TASK BRIEF.
Retype the whole listing exactly. Leave out pictures.

===== DATA FOR PROCESSING =====

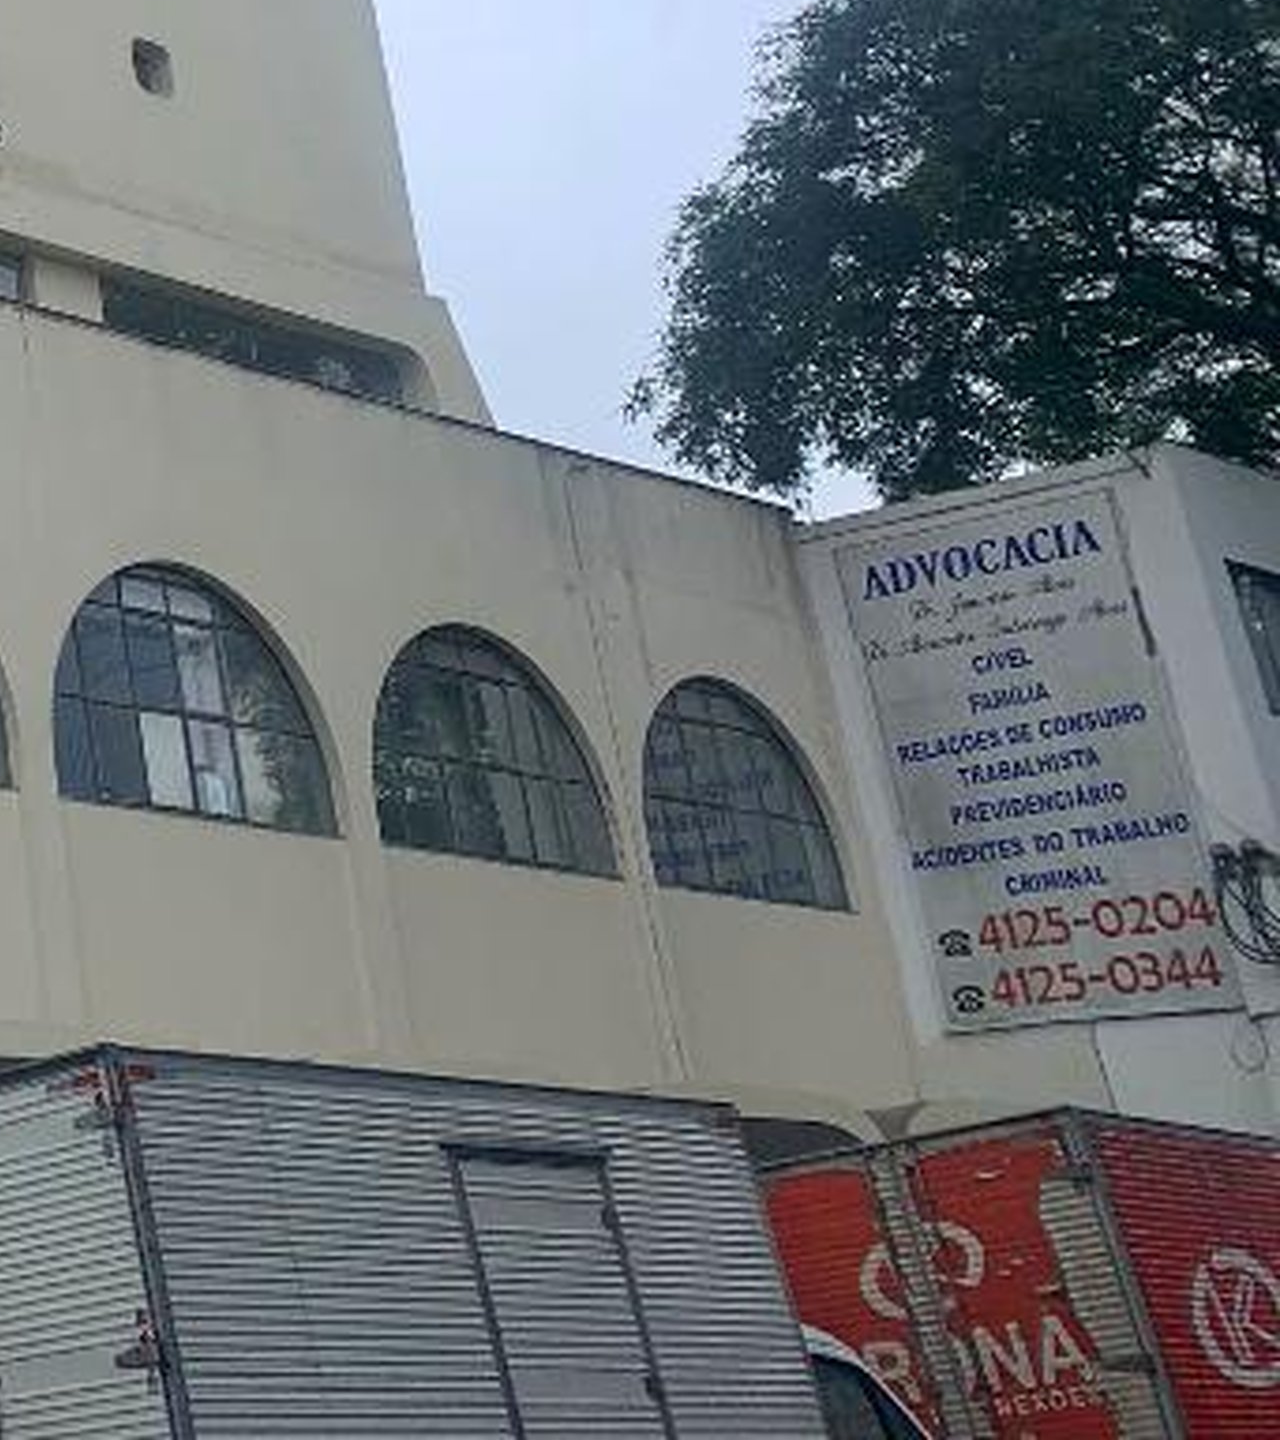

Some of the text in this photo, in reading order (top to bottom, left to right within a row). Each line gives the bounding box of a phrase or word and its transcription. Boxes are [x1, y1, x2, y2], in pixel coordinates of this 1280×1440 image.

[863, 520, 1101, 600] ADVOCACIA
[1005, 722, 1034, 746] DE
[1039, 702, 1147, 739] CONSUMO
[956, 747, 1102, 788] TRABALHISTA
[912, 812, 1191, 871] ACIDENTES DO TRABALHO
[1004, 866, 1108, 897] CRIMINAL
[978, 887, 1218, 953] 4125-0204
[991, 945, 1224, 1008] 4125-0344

=====

RESULT BELOW.
Some of the text in this photo, in reading order (top to bottom, left to right within a row). Each line gives the bounding box of a phrase or word and its transcription. Boxes are [x1, y1, x2, y2], in pixel coordinates of this 1280×1440 image.

[863, 520, 1101, 600] ADVOCACIA
[1005, 722, 1034, 746] DE
[1039, 702, 1147, 739] CONSUMO
[956, 747, 1102, 788] TRABALHISTA
[912, 812, 1191, 871] ACIDENTES DO TRABALHO
[1004, 866, 1108, 897] CRIMINAL
[978, 887, 1218, 953] 4125-0204
[991, 945, 1224, 1008] 4125-0344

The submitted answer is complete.